- **TASK OBJECTIVE**:
Reproduce the records word for word, apart from the images they contain.

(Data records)
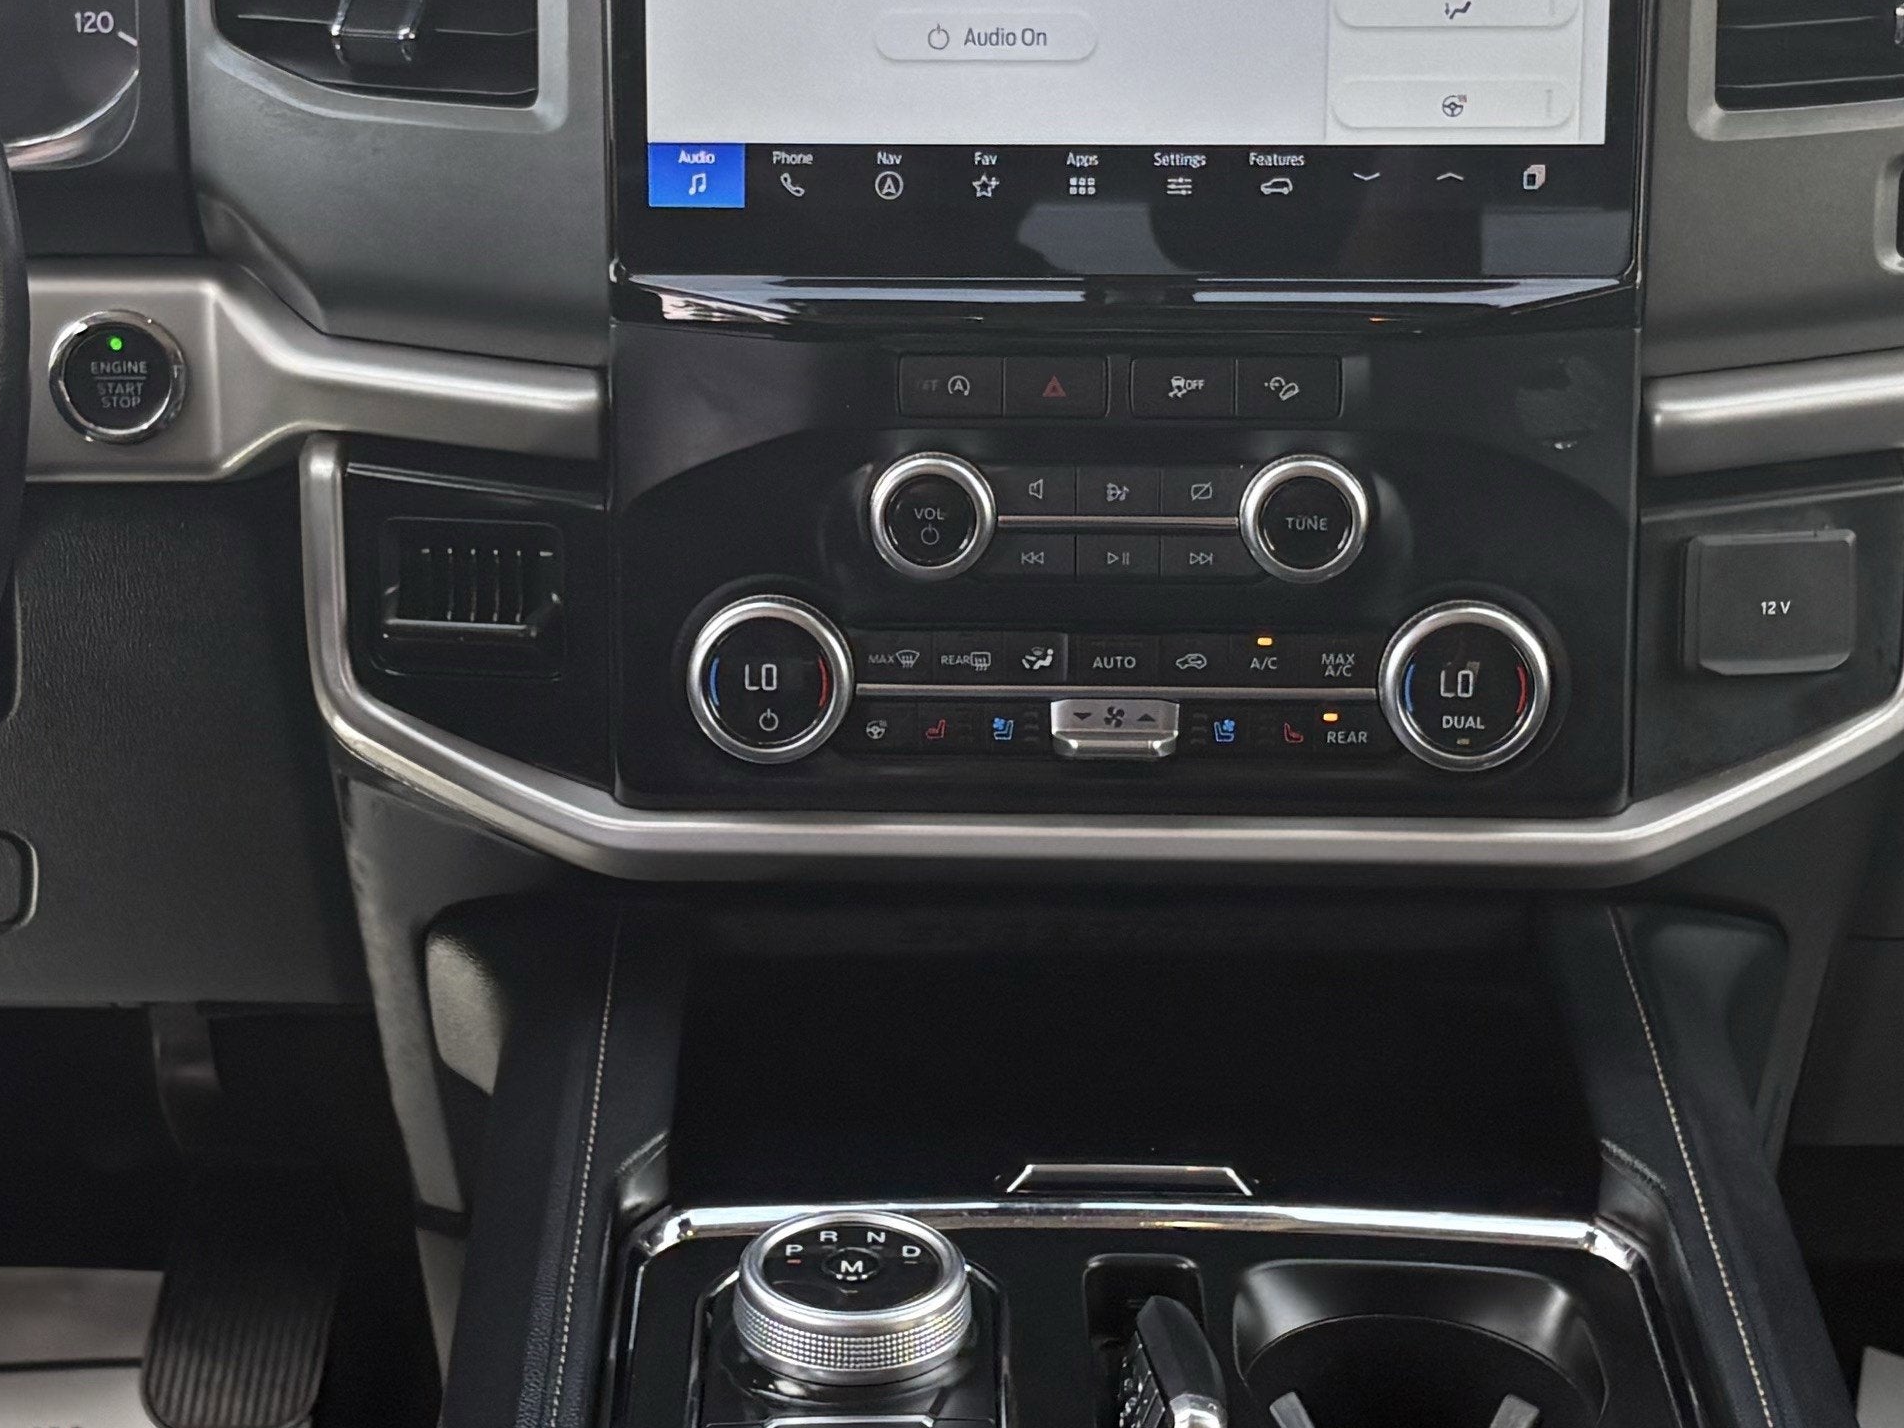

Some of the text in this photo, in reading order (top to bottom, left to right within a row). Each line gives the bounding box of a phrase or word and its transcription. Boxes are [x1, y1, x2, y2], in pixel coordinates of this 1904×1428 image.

[74, 11, 115, 34] 120
[964, 26, 1048, 47] Audio On
[677, 149, 716, 165] Audio
[772, 150, 814, 166] Phone
[877, 150, 903, 166] Nav
[974, 151, 998, 166] Fav
[1066, 151, 1099, 168] Apps
[1153, 151, 1207, 169] Settings
[1248, 151, 1305, 167] Features
[90, 360, 148, 374] ENGINE
[97, 382, 144, 396] START
[1186, 379, 1206, 391] OFF
[100, 395, 142, 409] STOP
[914, 508, 945, 521] VOL
[1285, 516, 1328, 531] TUNE
[1761, 600, 1791, 615] 12 V
[868, 653, 895, 665] MAX
[940, 654, 971, 665] REAR
[1092, 656, 1137, 669] AUTO
[1250, 656, 1278, 671] A/C
[1321, 653, 1356, 666] MAX
[744, 663, 778, 691] LO
[1324, 665, 1353, 678] A/C
[1440, 669, 1474, 698] LO
[1442, 715, 1486, 730] DUAL
[1326, 730, 1368, 744] REAR
[785, 1230, 922, 1258] P R N D
[839, 1260, 864, 1273] M
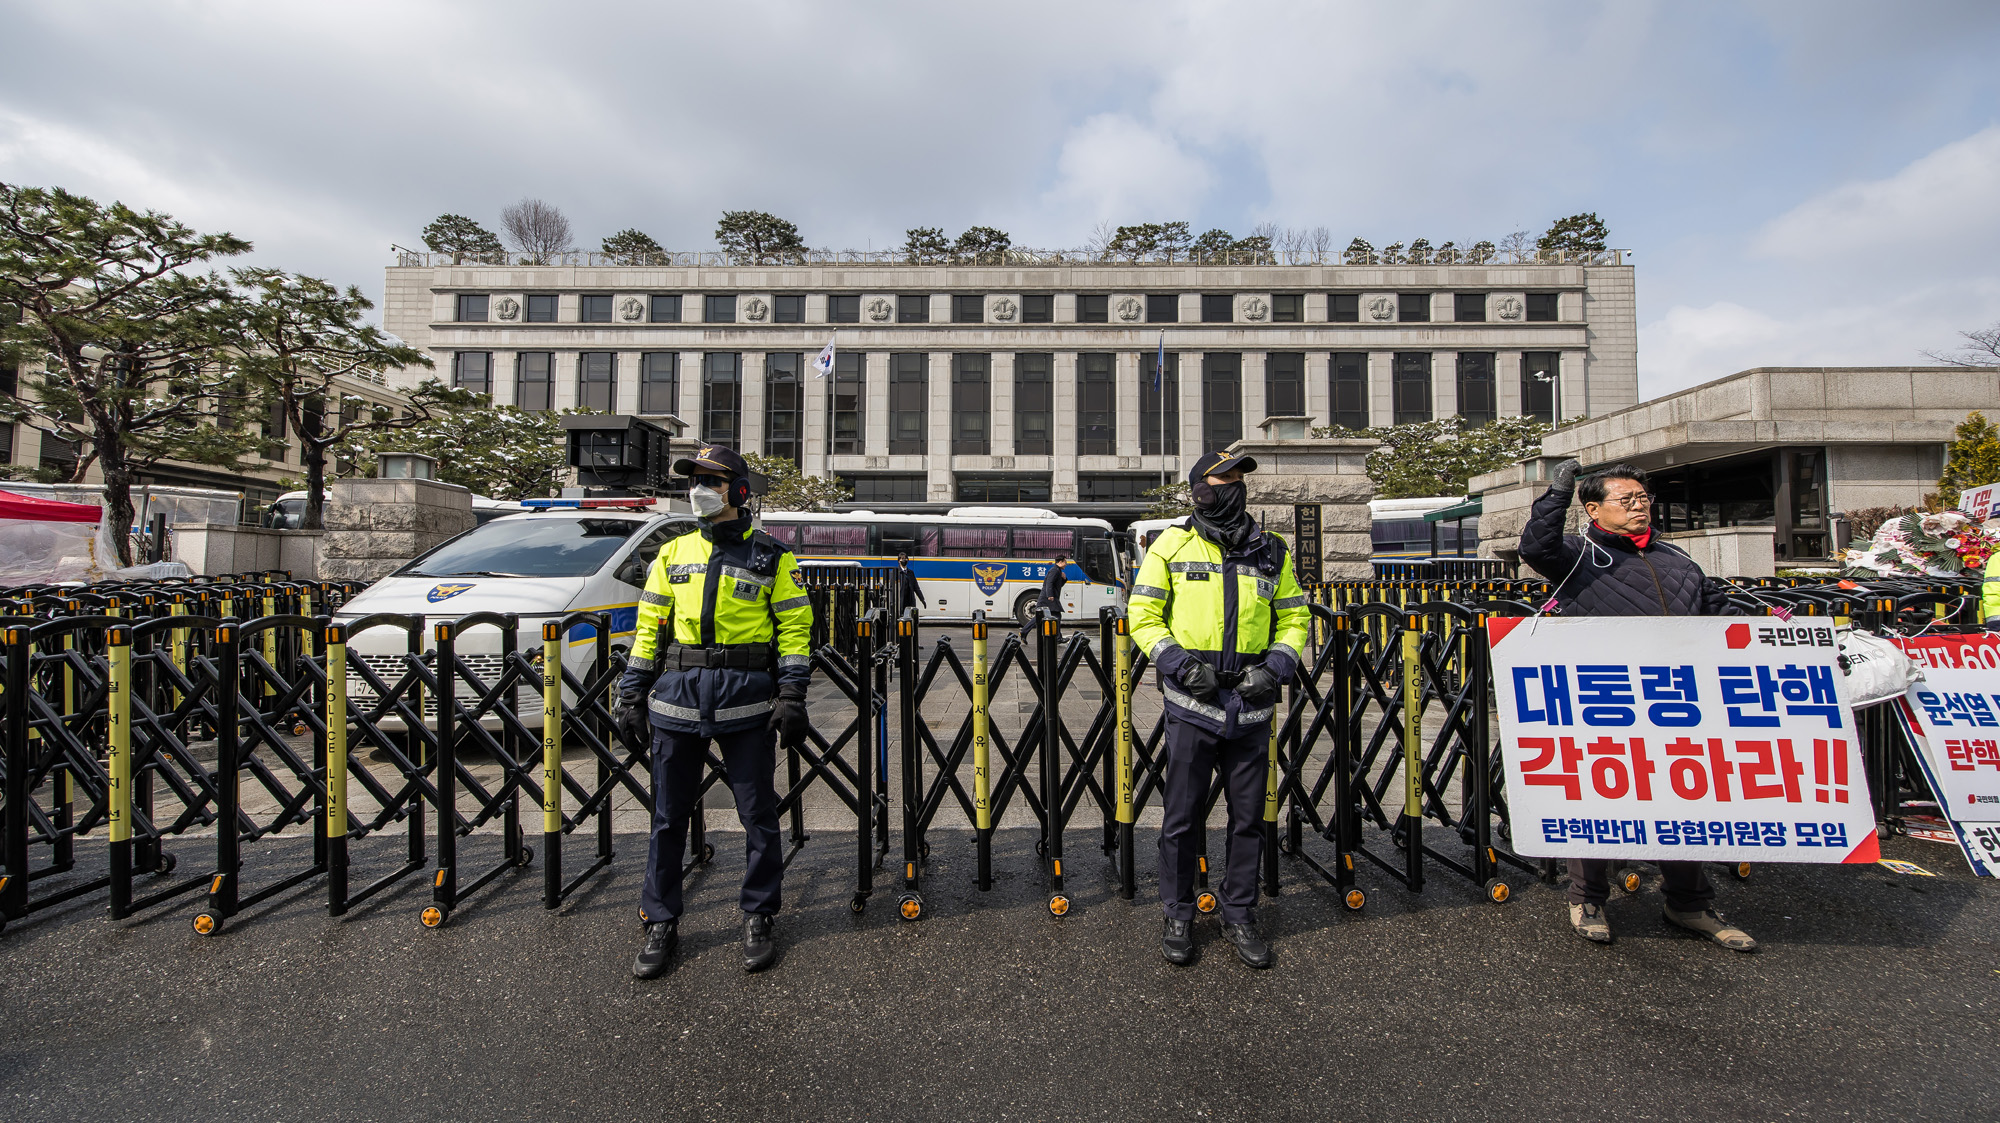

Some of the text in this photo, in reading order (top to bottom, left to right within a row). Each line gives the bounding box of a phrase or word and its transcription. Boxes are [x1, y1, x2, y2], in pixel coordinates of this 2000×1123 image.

[1300, 506, 1317, 587] 헌법재판소
[738, 581, 759, 595] 경찰
[1022, 566, 1047, 577] 경찰
[1758, 627, 1833, 647] 국민의힘
[1960, 643, 2000, 669] 60
[1512, 664, 1842, 728] 대통령 탄핵
[1917, 691, 2000, 727] 윤석열
[326, 678, 337, 817] POLICE LINE
[544, 674, 557, 813] 질서유지선
[974, 673, 987, 810] 질서유지선
[1120, 669, 1131, 804] POLICE LINE
[1411, 664, 1421, 798] POLICE LINE
[1944, 739, 2000, 771] 탄핵
[1976, 795, 2000, 804] 국민의힘
[1541, 818, 1849, 848] 탄핵반대 당협위원장 모임
[1973, 827, 2000, 863] 헌
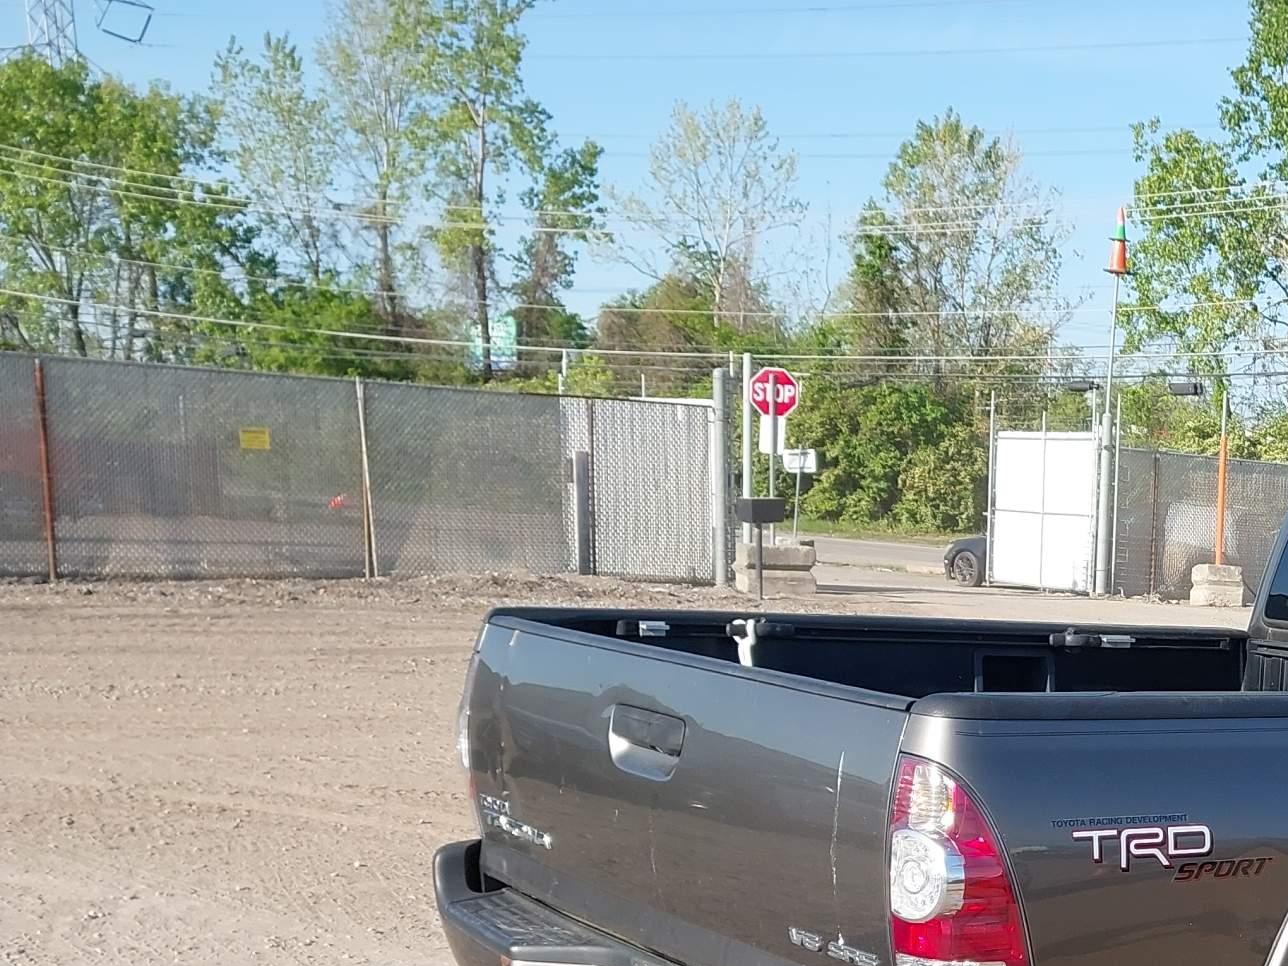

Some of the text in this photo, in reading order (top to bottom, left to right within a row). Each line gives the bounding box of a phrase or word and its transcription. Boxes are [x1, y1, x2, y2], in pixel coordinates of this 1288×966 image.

[753, 382, 796, 403] STOP
[1051, 814, 1188, 828] TOYOTA RACING DEVELOPMENT
[1071, 825, 1214, 872] TRD
[1174, 857, 1273, 881] SPORT
[788, 926, 823, 952] V6

- **THE ANSWER**:
Some of the text in this photo, in reading order (top to bottom, left to right within a row). Each line gives the bounding box of a phrase or word and its transcription. Boxes are [x1, y1, x2, y2], in pixel coordinates of this 1904×1428 image.

[74, 11, 115, 34] 120
[964, 26, 1048, 47] Audio On
[677, 149, 716, 165] Audio
[772, 150, 814, 166] Phone
[877, 150, 903, 166] Nav
[974, 151, 998, 166] Fav
[1066, 151, 1099, 168] Apps
[1153, 151, 1207, 169] Settings
[1248, 151, 1305, 167] Features
[90, 360, 148, 374] ENGINE
[97, 382, 144, 396] START
[1186, 379, 1206, 391] OFF
[100, 395, 142, 409] STOP
[914, 508, 945, 521] VOL
[1285, 516, 1328, 531] TUNE
[1761, 600, 1791, 615] 12 V
[868, 653, 895, 665] MAX
[940, 654, 971, 665] REAR
[1092, 656, 1137, 669] AUTO
[1250, 656, 1278, 671] A/C
[1321, 653, 1356, 666] MAX
[744, 663, 778, 691] LO
[1324, 665, 1353, 678] A/C
[1440, 669, 1474, 698] LO
[1442, 715, 1486, 730] DUAL
[1326, 730, 1368, 744] REAR
[785, 1230, 922, 1258] P R N D
[839, 1260, 864, 1273] M

Some of the text in this photo, in reading order (top to bottom, left to right within a row). Each line gives the bounding box of a phrase or word and its transcription. Boxes are [x1, y1, x2, y2], in pixel coordinates of this 2000×1123 image.

[1300, 506, 1317, 587] 헌법재판소
[738, 581, 759, 595] 경찰
[1022, 566, 1047, 577] 경찰
[1758, 627, 1833, 647] 국민의힘
[1960, 643, 2000, 669] 60
[1512, 664, 1842, 728] 대통령 탄핵
[1917, 691, 2000, 727] 윤석열
[326, 678, 337, 817] POLICE LINE
[544, 674, 557, 813] 질서유지선
[974, 673, 987, 810] 질서유지선
[1120, 669, 1131, 804] POLICE LINE
[1411, 664, 1421, 798] POLICE LINE
[1944, 739, 2000, 771] 탄핵
[1976, 795, 2000, 804] 국민의힘
[1541, 818, 1849, 848] 탄핵반대 당협위원장 모임
[1973, 827, 2000, 863] 헌

Some of the text in this photo, in reading order (top to bottom, left to right within a row). Each line gives the bounding box of a phrase or word and its transcription. Boxes are [x1, y1, x2, y2], in pixel coordinates of this 1288×966 image.

[753, 382, 796, 403] STOP
[1051, 814, 1188, 828] TOYOTA RACING DEVELOPMENT
[1071, 825, 1214, 872] TRD
[1174, 857, 1273, 881] SPORT
[788, 926, 823, 952] V6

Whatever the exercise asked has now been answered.